NASA reveals new batch of space program artifacts
Approximately 2,500 potential artifacts from NASA programs that include the space shuttle, Hubble Space Telescope, Apollo, Mercury, and Gemini will be available.
January 22, 2010
Provided by NASA Headquarters, Washington, D.C.
January 22, 2010
Potential artifact: Mockup suit [Mercury].
Photo by NASA/JPL-Caltech/University of Arizona
NASA is inviting eligible education institutions, museums, and other organizations to examine and request space program artifacts online. The items represent significant human space flight technologies, processes, and accomplishments from NASA's past and present space exploration programs.

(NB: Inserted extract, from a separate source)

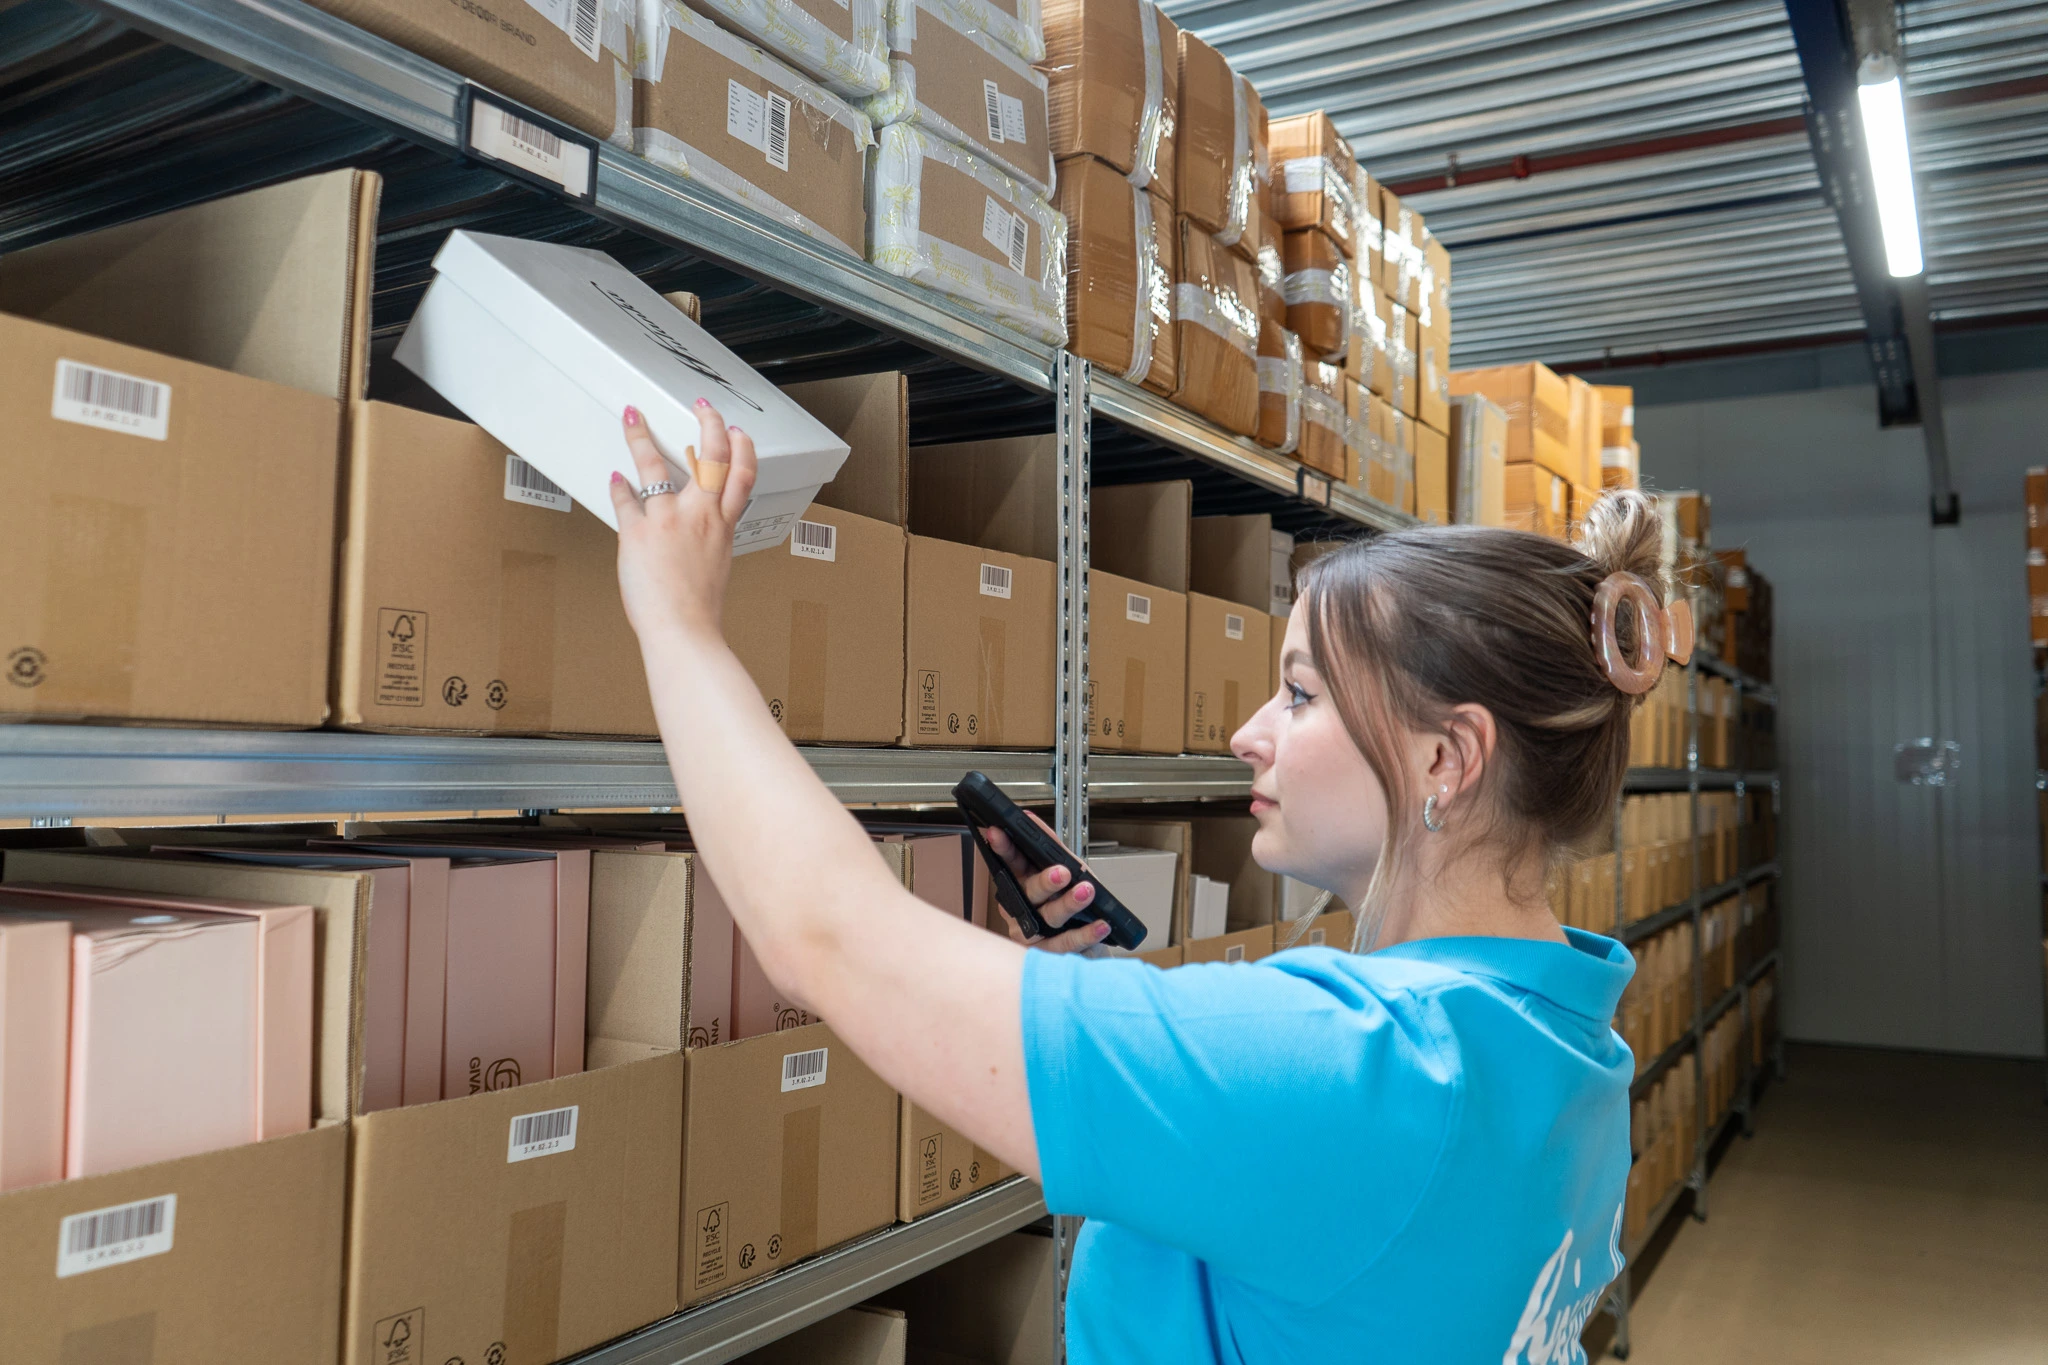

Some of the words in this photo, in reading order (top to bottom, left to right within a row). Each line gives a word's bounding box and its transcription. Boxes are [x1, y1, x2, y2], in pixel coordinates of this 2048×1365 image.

NASA partnered with the General Services Administration (GSA) to provide a first-of-its-kind, Web-based, electronic artifacts prescreening capability last year. On October 1, 2009, the GSA launched a Web initiative for screening and requesting NASA's space shuttle artifacts. The first round ended November 30, and all 913 artifacts were allocated.
A second Web-based screening opportunity began January 19. It includes approximately 2,500 potential artifacts from NASA programs that include the space shuttle, Hubble Space Telescope, Apollo, Mercury, and Gemini. It is available at gsaxcess.gov/NASAWel.htm. Each artifact will be screened for 90 days. After the screening period closes, and at the completion of the allocation process, requestors will be notified about the status of their request.

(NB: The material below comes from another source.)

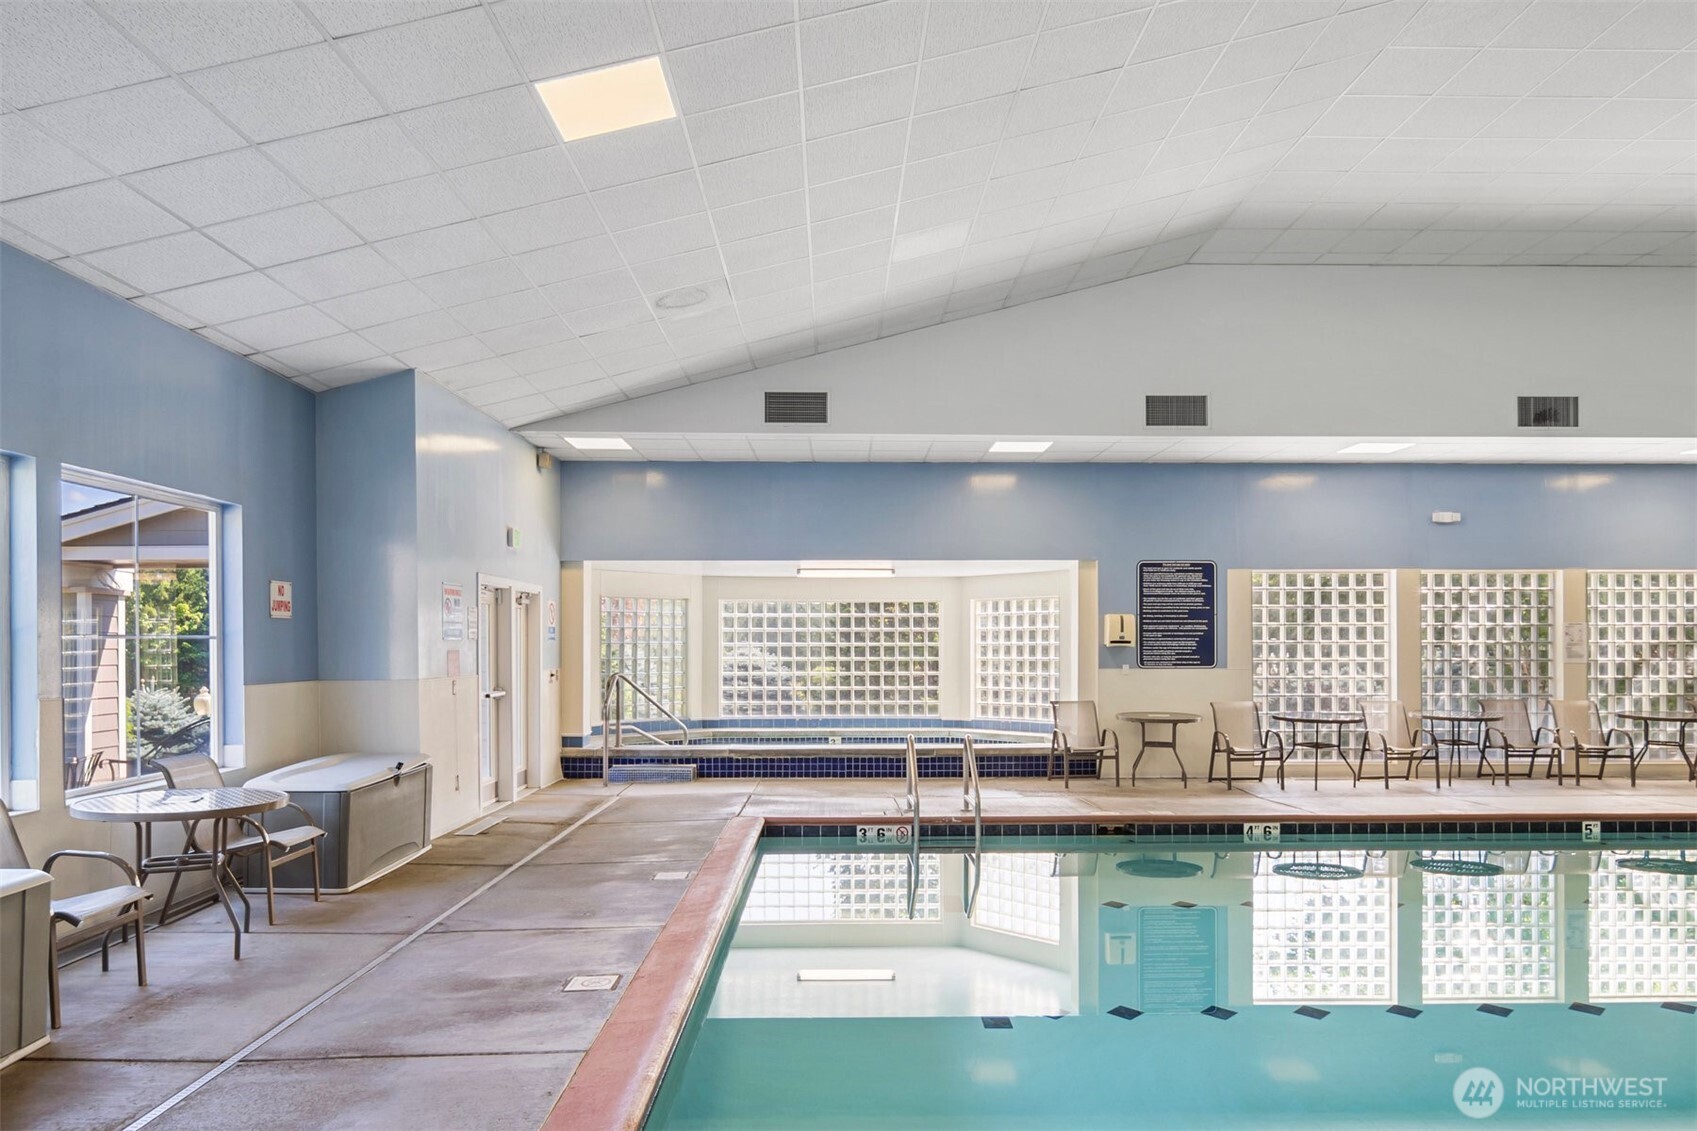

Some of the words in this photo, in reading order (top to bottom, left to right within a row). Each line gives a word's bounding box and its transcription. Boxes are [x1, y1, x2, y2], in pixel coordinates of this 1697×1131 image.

Museums and schools will be screened for eligibility through an online registration process or through their state agency for surplus property. Eligible recipients may view the available artifacts and request specific items at the Web site. Prescreening allows potential recipients to identify specific items and provides the time to plan to transport, preserve, and properly display artifacts.
Requesting an artifact through the prescreening process does not guarantee the item will be available. Nor does it provide a specific time when it will become available. Allocated artifacts will be incrementally released as they are no longer needed by NASA and in accordance with export control laws and regulations.
Although the artifacts are provided without charge, eligible recipients must cover shipping and any special handling costs. Shipping fees on smaller items will be relatively inexpensive, while larger items may involve extensive disassembly, preparation, shipping, and reassembly costs. NASA will work closely with potential recipients on a case-by-case basis to address any unique special handling costs.